Zimbabwean teachers working in Cape Town schools claim they have not been paid for months, and they suspect they are not being prioritised by the provincial government owing to their nationality.

A group of Zimbabwean teachers claim they have not been paid by the Western Cape Education Department (WCED) since December because of permit issues, including the contentious Zimbabwean exemption permits (ZEP).

The ZEPs expired in December last year, but the government has granted Zimbabweans on this visa regime a further year’s grace period before it puts paid to this permit.

Though the WCED rubbishes the teachers’ claim, it says there has been an increase in fraudulent work permits.

Nearly 180 000 ZEP holders in SA faced deportation when ZEPs expired in December 2021. Home Affairs issued a final extension that expires in December 2022, giving Zimbabwean students and workers an option to use other visa regimes.

Zimbabwean teachers says WCED officials are “nonchalant” about paying them because of their nationality.

Western Cape Zim Educators Union chairperson Jack Mitsvairo said he knew of nine city teachers who had not been paid for various reasons.

Mr Mitsvairo said he found it curious that the WCED had not paid the salaries to most Zimbabwean teachers in the province shortly after the ZEPs had been extended in January.

“The department itself is not openly accepting the decision by the Minister of Home Affairs Aaron Motsoaledi to extend the ZEPs. You phone the department to speak to the desk office and they know nothing about the instruction,” he said.

He blamed poor communication and a combination of incompetence on the part of officials and attitudes towards Zimbabweans for what he said was an annual problem.

“I don’t think they would treat the issue so nonchalantly if it were a local who goes three months without pay.”

A Kraaifontein teacher, who spoke on condition of anonymity in fear of reprisal, said he had last been paid in December.

“I continue working because they might use it against me and call me before a disciplinary hearing. This normally happens that we don’t get paid in the beginning stages of the year and then we get paid later. We’re used to this treatment by now. In 2018, I worked from January to August without a salary. I ended up borrowing and borrowing from people.”

WCED spokeswoman Bronagh Hammond said the department employed 22 Zimbabwean teachers on contract – all of whom had been paid. She said there were 19 new nominations for contract employment, but those were being processed. Two nominations had been found to be working under fraudulent permits, Ms Hammond said.

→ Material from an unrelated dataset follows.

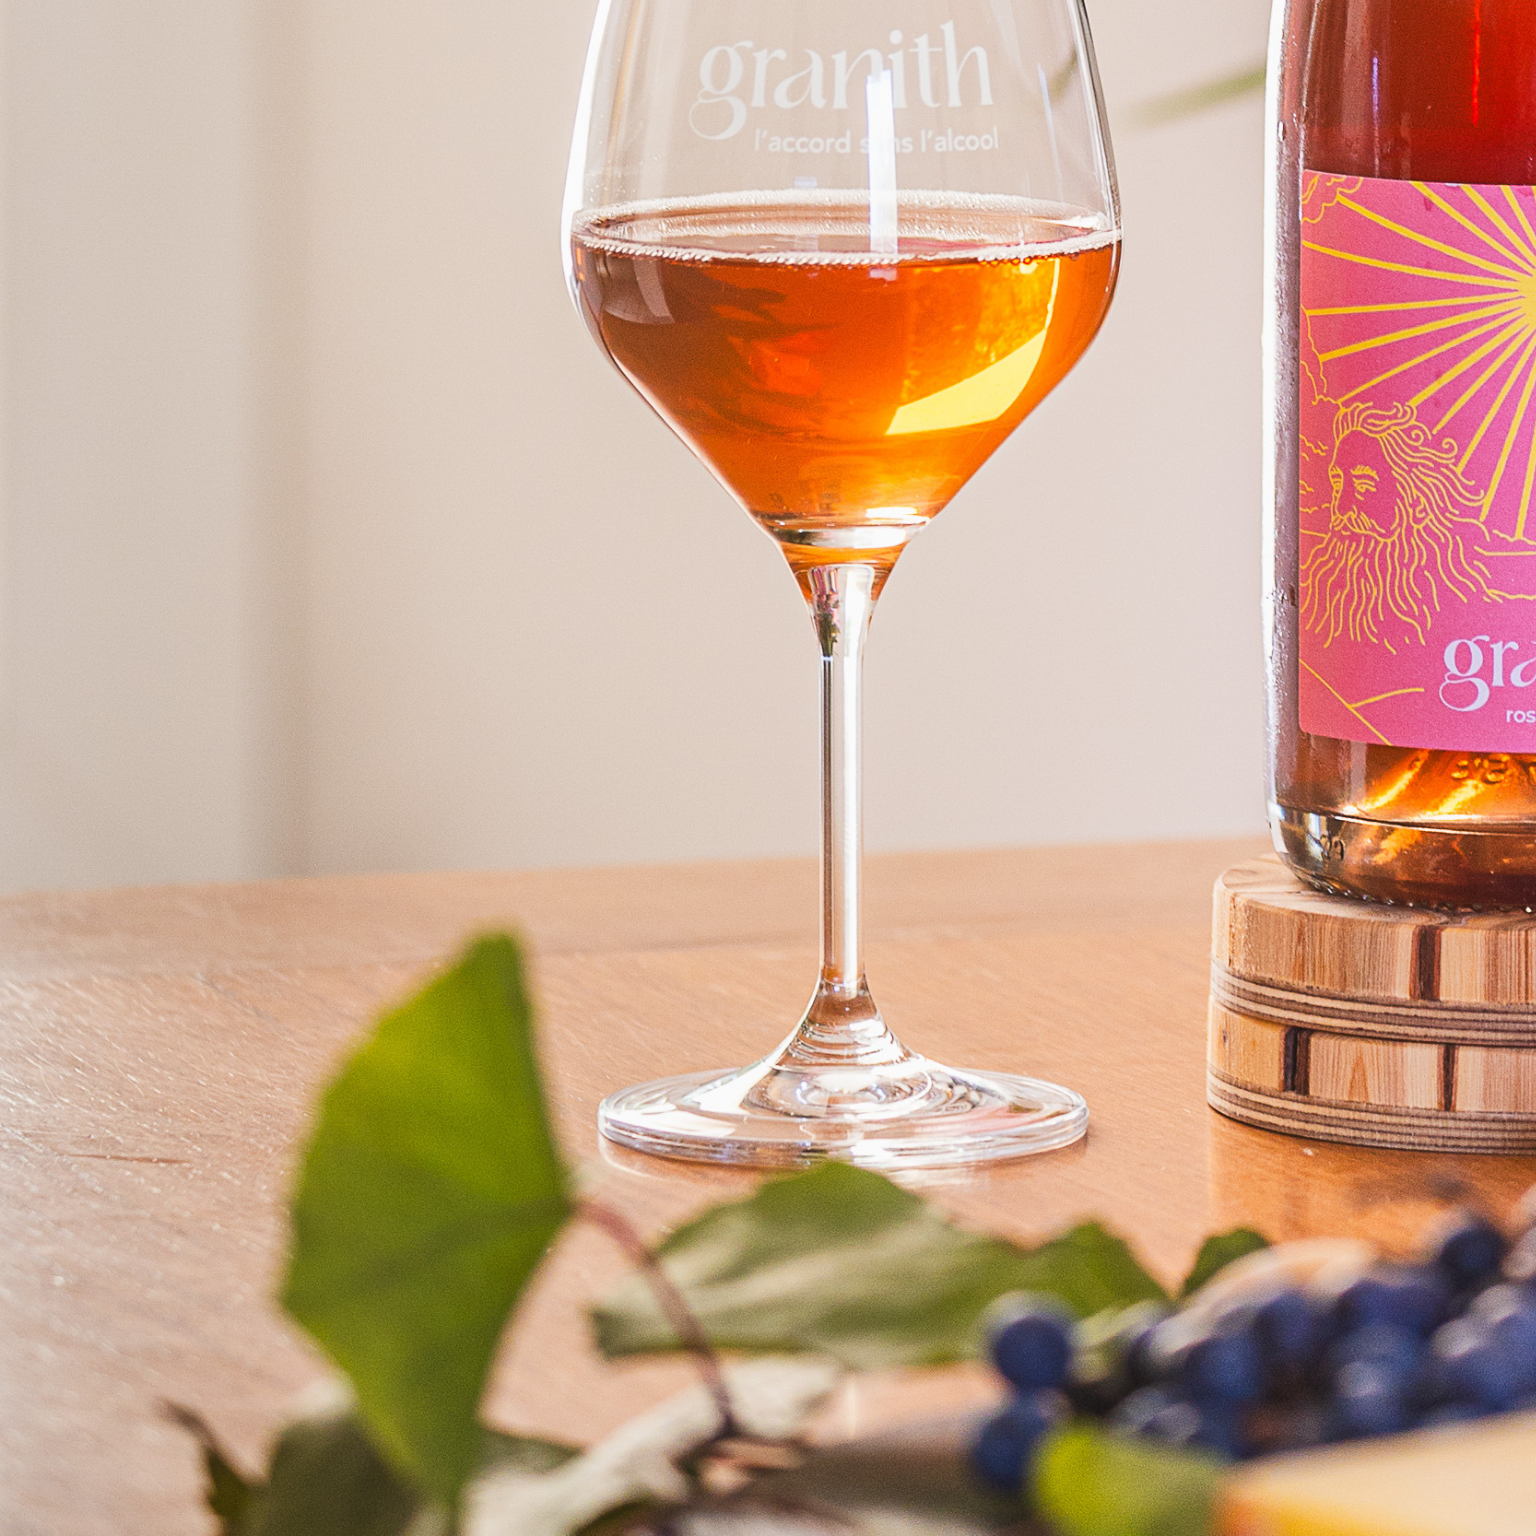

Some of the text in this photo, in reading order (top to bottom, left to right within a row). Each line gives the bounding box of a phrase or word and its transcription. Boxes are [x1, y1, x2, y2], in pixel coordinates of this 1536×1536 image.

[688, 19, 994, 141] granith
[754, 126, 1000, 154] l'accord sns l'alcool

In relation to the claim that the department wasn’t adhering to the national directive on ZEPs, she said: “The foreign national must have had a valid work permit which expired in order to apply the ZEP to the appointment on a contract basis (that is: the ZEP cannot be applied to a fraudulent work permit).”

Asked about Zimbabweans’ yearly non-payment struggles, Ms Hammond said the department followed the prescribed process in the Immigration Act with regards to the employment of all foreign nationals before an appointment was made and salaries paid.

She added that the risk of fraudulent work permits had increased in recent years.

Home Affairs Department spokesman David Hlabane said they had contacted the WCED about the expired ZEPs claim, but the department had assured them they were co-operating with the national directive on the permits.